Want Free Trade? Build a West Coast Pipeline, Says China

This article originally appeared on the Dogwood Initiative blog.

With final arguments in the Kinder Morgan pipeline review underway in Burnaby, a top Chinese official is using the moment to offer Canadians a deal. During his visit to Ottawa last Friday, Han Jun, China’s Vice-Minister of Financial and Economic Affairs, said the world’s second-largest economy would be willing to sign a Free Trade Agreement with Canada — but only if we build a pipeline to the West Coast.

Signing an FTA, Han suggested, would give Canadian agriculture and energy producers greater access to China’s domestic market. In return, Beijing also wants restrictions lifted on takeovers of Canadian companies by Chinese state-owned enterprises (SOEs).
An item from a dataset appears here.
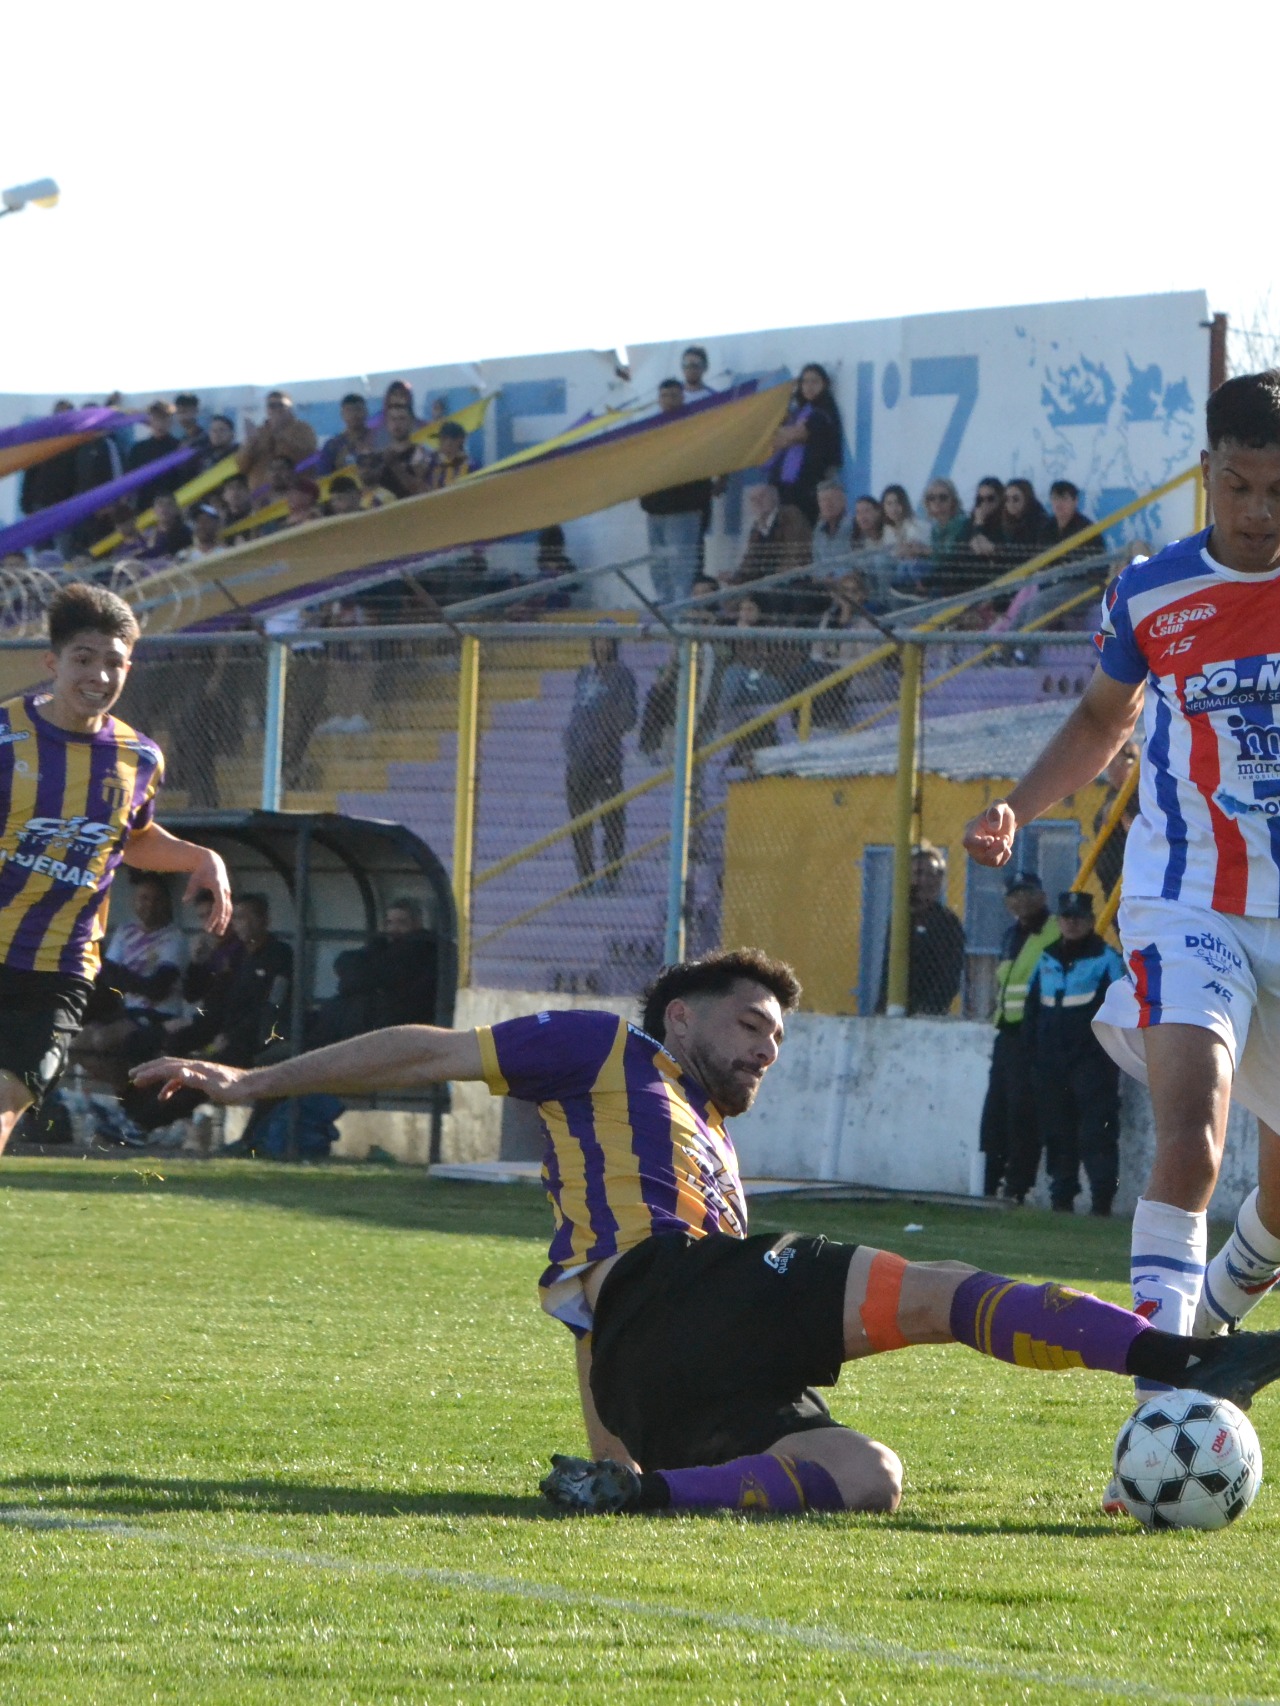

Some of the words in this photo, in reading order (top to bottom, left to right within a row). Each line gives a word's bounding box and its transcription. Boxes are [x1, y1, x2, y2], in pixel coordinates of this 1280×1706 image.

[1156, 607, 1216, 627] PESOS
[1186, 692, 1254, 713] NEUMATICOS
[1258, 692, 1266, 701] Y
China has been working to gain access to Canadian oil reserves for more than a decade. As Enbridge’s first partner on Northern Gateway in 2005, state-owned PetroChina pledged to purchase up to half of the pipeline’s capacity, but became frustrated by delays and eventually pulled out of the project.

In the years following, China’s SOEs invested billions into the Canadian oil patch, culminating in the 2013 purchase of Nexen by the Chinese National Offshore Oil Corporation (CNOOC) for $15 billion. (In a tragic coincidence, hours after Han spoke in Ottawa, an explosion at Nexen’s Long Lake facility killed one worker and left another critically injured.)